WHAT YOU HAVE TO DO — Once the pictures are removed, return each record below exactly as written.

(Dataset entries)

◆ ◆ ◆ ◆ ◆

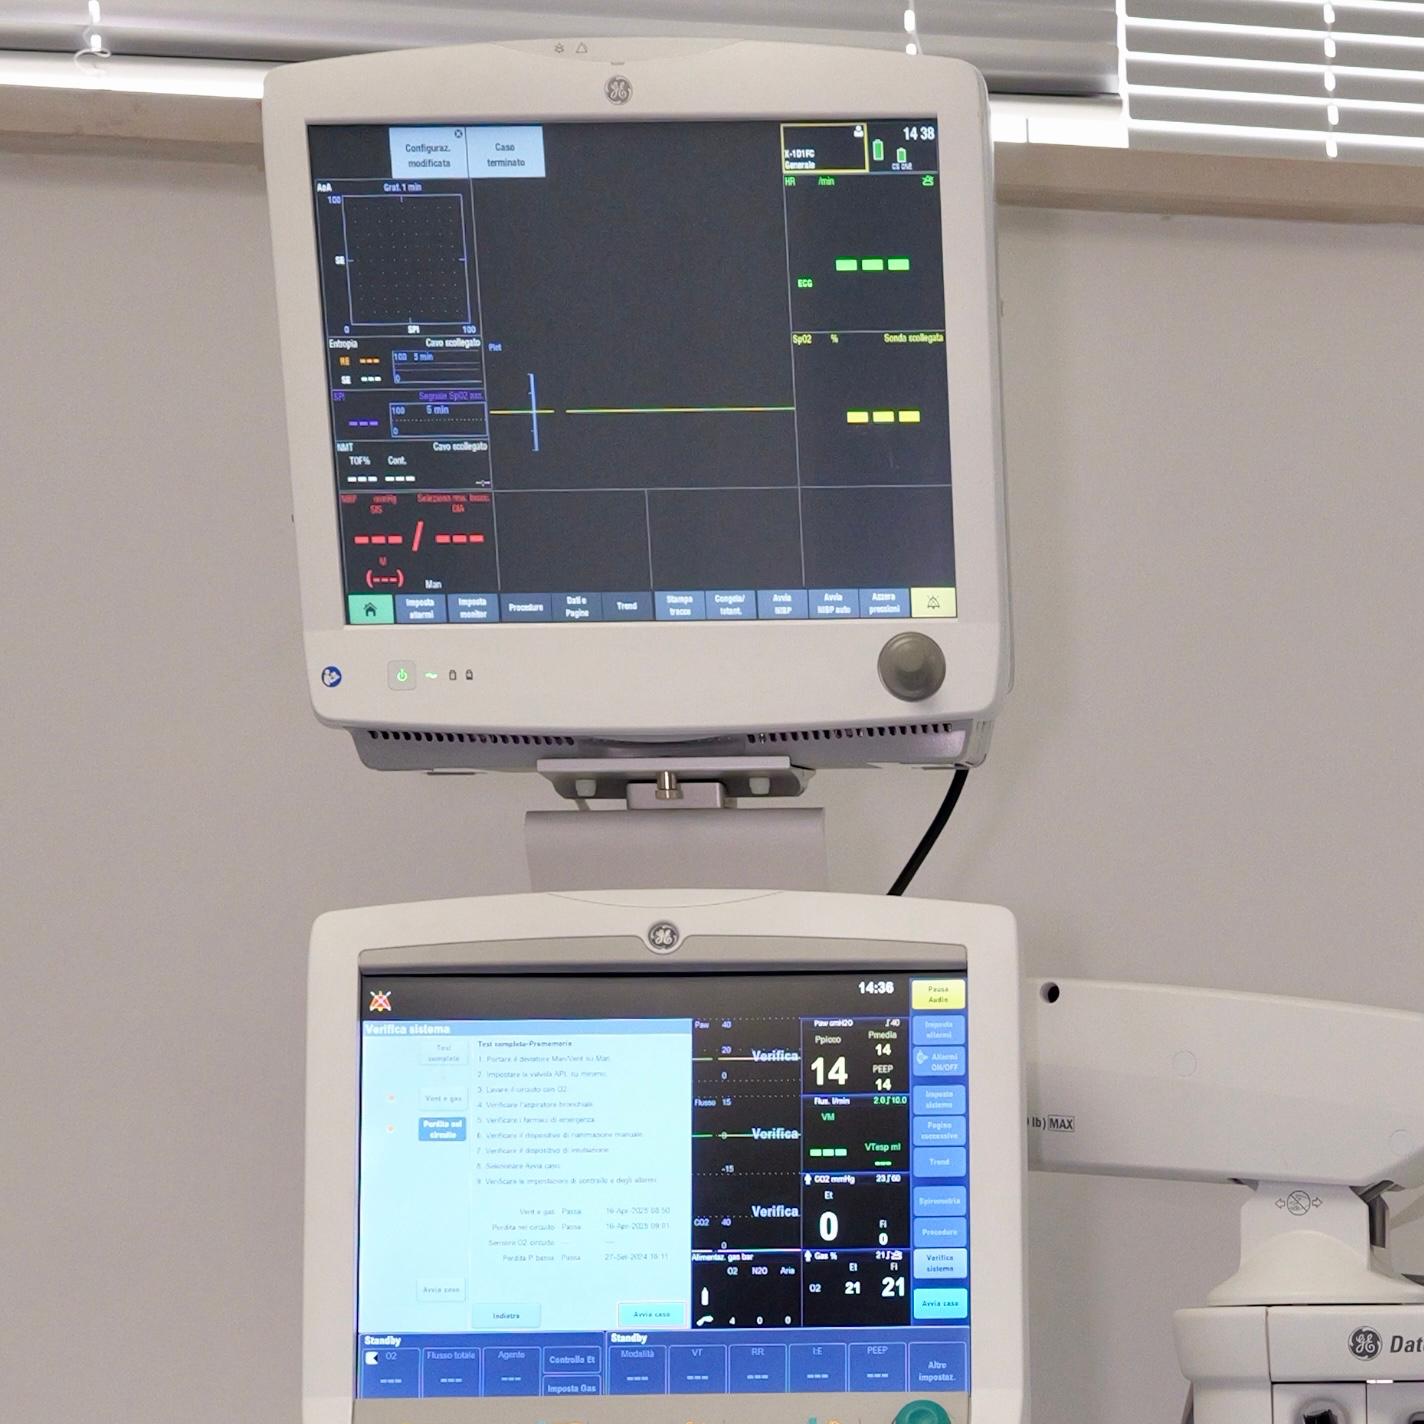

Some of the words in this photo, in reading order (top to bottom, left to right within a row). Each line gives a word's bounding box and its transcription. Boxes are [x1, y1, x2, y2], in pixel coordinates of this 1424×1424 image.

[405, 144, 451, 155] Configuraz.
[495, 143, 515, 152] Caso
[408, 158, 451, 168] modificata
[487, 158, 526, 167] terminato
[784, 176, 796, 186] HR
[797, 279, 813, 288] ECG
[462, 325, 477, 334] 100
[425, 338, 444, 348] Cavo
[792, 334, 812, 344] SpO2
[884, 333, 907, 343] Sonda
[908, 333, 945, 344] scollegata
[328, 339, 358, 349] Entropia
[392, 406, 406, 415] 100
[433, 406, 449, 414] min
[432, 442, 451, 451] Cavo
[617, 601, 638, 611] Trend
[858, 981, 895, 994] 14:36
[365, 1024, 408, 1035] Verifica
[409, 1024, 451, 1035] sistema
[721, 1021, 732, 1029] 40
[814, 1035, 842, 1045] Ppicco
[868, 1031, 898, 1040] Pmedia
[721, 1046, 732, 1054] 20
[875, 1043, 892, 1056] 14
[752, 1050, 800, 1062] Verifica
[810, 1056, 849, 1086] 14
[872, 1065, 894, 1073] PEEP
[721, 1071, 728, 1080] 0
[875, 1078, 892, 1091] 14
[694, 1098, 717, 1107] Flusso
[721, 1098, 732, 1106] 15
[821, 1113, 835, 1121] VM
[1049, 1117, 1073, 1130] MAX
[752, 1127, 800, 1140] Verifica
[864, 1143, 889, 1153] VTesp
[824, 1191, 834, 1200] Et
[752, 1205, 799, 1218] Verifica
[693, 1218, 710, 1227] CO2
[721, 1218, 732, 1226] 40
[819, 1211, 839, 1242] 0
[878, 1232, 889, 1246] 0
[721, 1241, 728, 1249] 0
[926, 1254, 954, 1262] Verifica
[727, 1267, 738, 1276] O2
[751, 1266, 769, 1275] N2O
[779, 1266, 795, 1275] Aria
[849, 1263, 858, 1272] Et
[926, 1265, 954, 1273] sistema
[809, 1284, 822, 1293] O2
[844, 1281, 861, 1295] 21
[881, 1276, 905, 1297] 21
[921, 1300, 941, 1308] Avvia
[943, 1300, 959, 1308] caso
[729, 1316, 736, 1325] 4
[756, 1316, 764, 1325] 0
[784, 1316, 792, 1325] 0
[364, 1336, 402, 1348] Standby
[610, 1333, 648, 1345] Standby
[426, 1351, 453, 1360] Flusso
[454, 1351, 476, 1360] totale
[497, 1350, 526, 1361] Agente
[751, 1347, 765, 1357] RR
[866, 1346, 888, 1355] PEEP
[549, 1355, 585, 1365] Controllo
[927, 1361, 948, 1369] Altro
[918, 1373, 956, 1383] impostaz.
[547, 1384, 580, 1395] Imposta
[580, 1384, 597, 1394] Gas
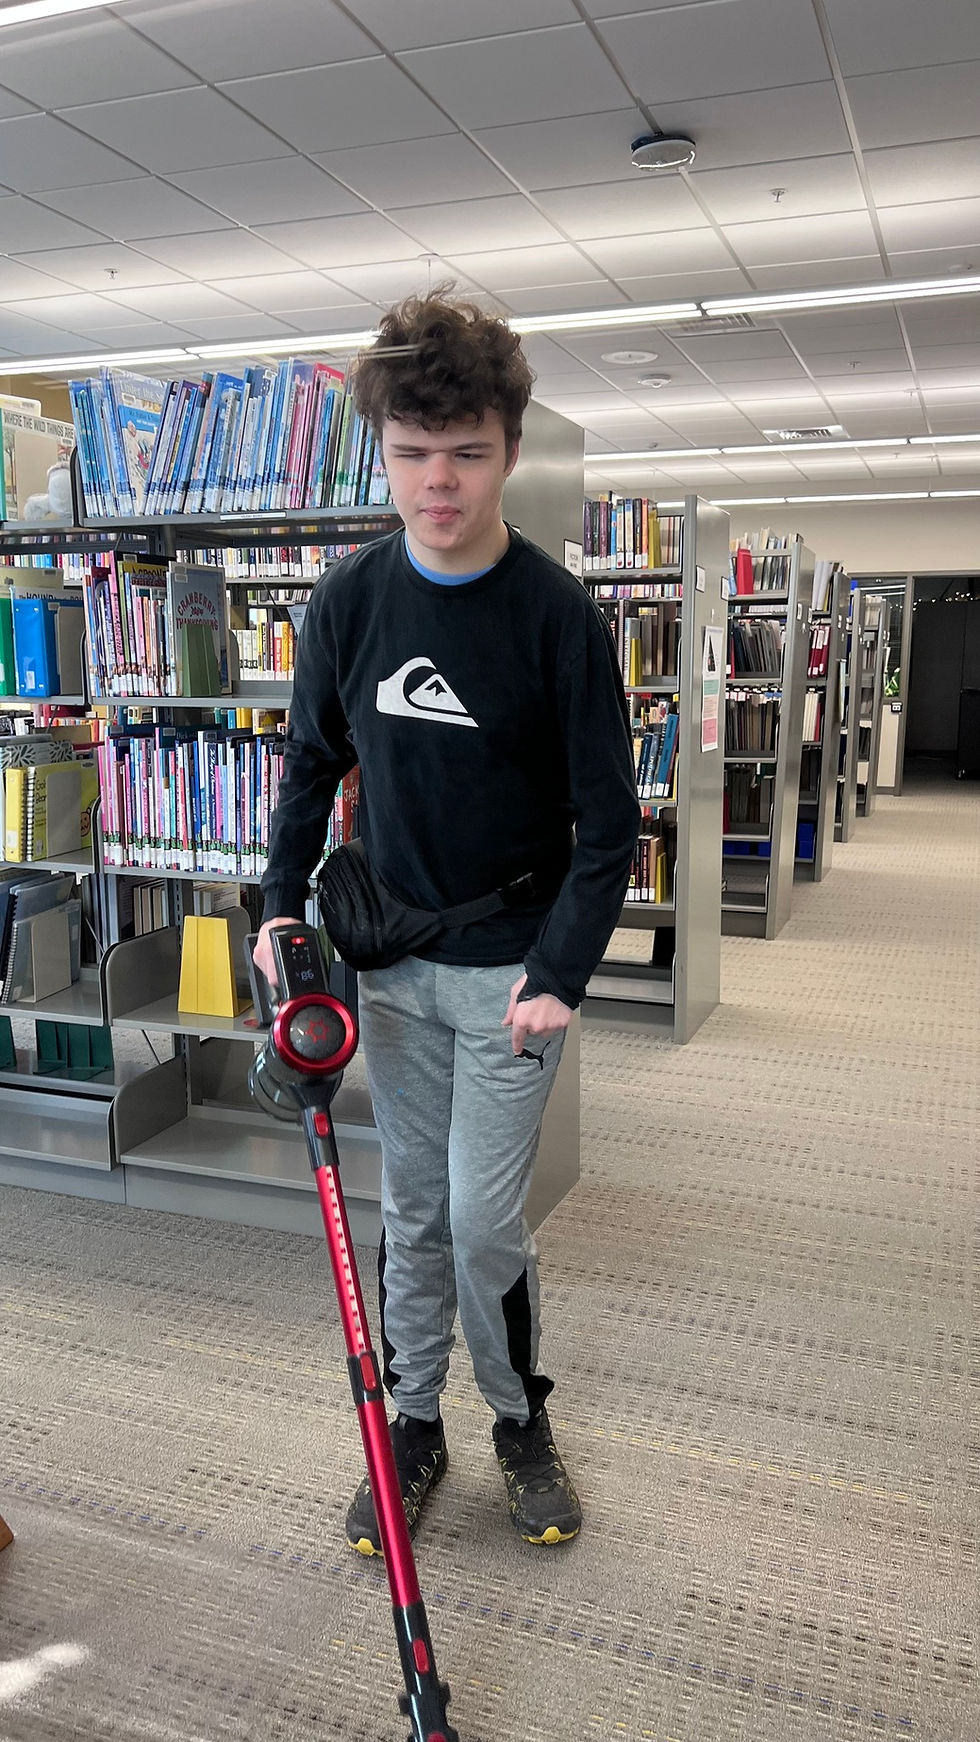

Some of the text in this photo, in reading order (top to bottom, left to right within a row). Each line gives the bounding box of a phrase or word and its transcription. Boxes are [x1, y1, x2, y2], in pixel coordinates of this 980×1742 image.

◆ ◆ ◆ ◆ ◆

EXERCISE RESULT —
Some of the words in this photo, in reading order (top to bottom, left to right within a row). Each line gives a word's bounding box and its transcription. Boxes are [x1, y1, x2, y2], in pixel coordinates of this 1424×1424 image.

[405, 144, 451, 155] Configuraz.
[495, 143, 515, 152] Caso
[408, 158, 451, 168] modificata
[487, 158, 526, 167] terminato
[784, 176, 796, 186] HR
[797, 279, 813, 288] ECG
[462, 325, 477, 334] 100
[425, 338, 444, 348] Cavo
[792, 334, 812, 344] SpO2
[884, 333, 907, 343] Sonda
[908, 333, 945, 344] scollegata
[328, 339, 358, 349] Entropia
[392, 406, 406, 415] 100
[433, 406, 449, 414] min
[432, 442, 451, 451] Cavo
[617, 601, 638, 611] Trend
[858, 981, 895, 994] 14:36
[365, 1024, 408, 1035] Verifica
[409, 1024, 451, 1035] sistema
[721, 1021, 732, 1029] 40
[814, 1035, 842, 1045] Ppicco
[868, 1031, 898, 1040] Pmedia
[721, 1046, 732, 1054] 20
[875, 1043, 892, 1056] 14
[752, 1050, 800, 1062] Verifica
[810, 1056, 849, 1086] 14
[872, 1065, 894, 1073] PEEP
[721, 1071, 728, 1080] 0
[875, 1078, 892, 1091] 14
[694, 1098, 717, 1107] Flusso
[721, 1098, 732, 1106] 15
[821, 1113, 835, 1121] VM
[1049, 1117, 1073, 1130] MAX
[752, 1127, 800, 1140] Verifica
[864, 1143, 889, 1153] VTesp
[824, 1191, 834, 1200] Et
[752, 1205, 799, 1218] Verifica
[693, 1218, 710, 1227] CO2
[721, 1218, 732, 1226] 40
[819, 1211, 839, 1242] 0
[878, 1232, 889, 1246] 0
[721, 1241, 728, 1249] 0
[926, 1254, 954, 1262] Verifica
[727, 1267, 738, 1276] O2
[751, 1266, 769, 1275] N2O
[779, 1266, 795, 1275] Aria
[849, 1263, 858, 1272] Et
[926, 1265, 954, 1273] sistema
[809, 1284, 822, 1293] O2
[844, 1281, 861, 1295] 21
[881, 1276, 905, 1297] 21
[921, 1300, 941, 1308] Avvia
[943, 1300, 959, 1308] caso
[729, 1316, 736, 1325] 4
[756, 1316, 764, 1325] 0
[784, 1316, 792, 1325] 0
[364, 1336, 402, 1348] Standby
[610, 1333, 648, 1345] Standby
[426, 1351, 453, 1360] Flusso
[454, 1351, 476, 1360] totale
[497, 1350, 526, 1361] Agente
[751, 1347, 765, 1357] RR
[866, 1346, 888, 1355] PEEP
[549, 1355, 585, 1365] Controllo
[927, 1361, 948, 1369] Altro
[918, 1373, 956, 1383] impostaz.
[547, 1384, 580, 1395] Imposta
[580, 1384, 597, 1394] Gas

Some of the text in this photo, in reading order (top to bottom, left to right within a row). Each line gives the bounding box of a phrase or word and its transcription. Boxes are [x1, y1, x2, y2], in pixel coordinates of this 980×1742 image.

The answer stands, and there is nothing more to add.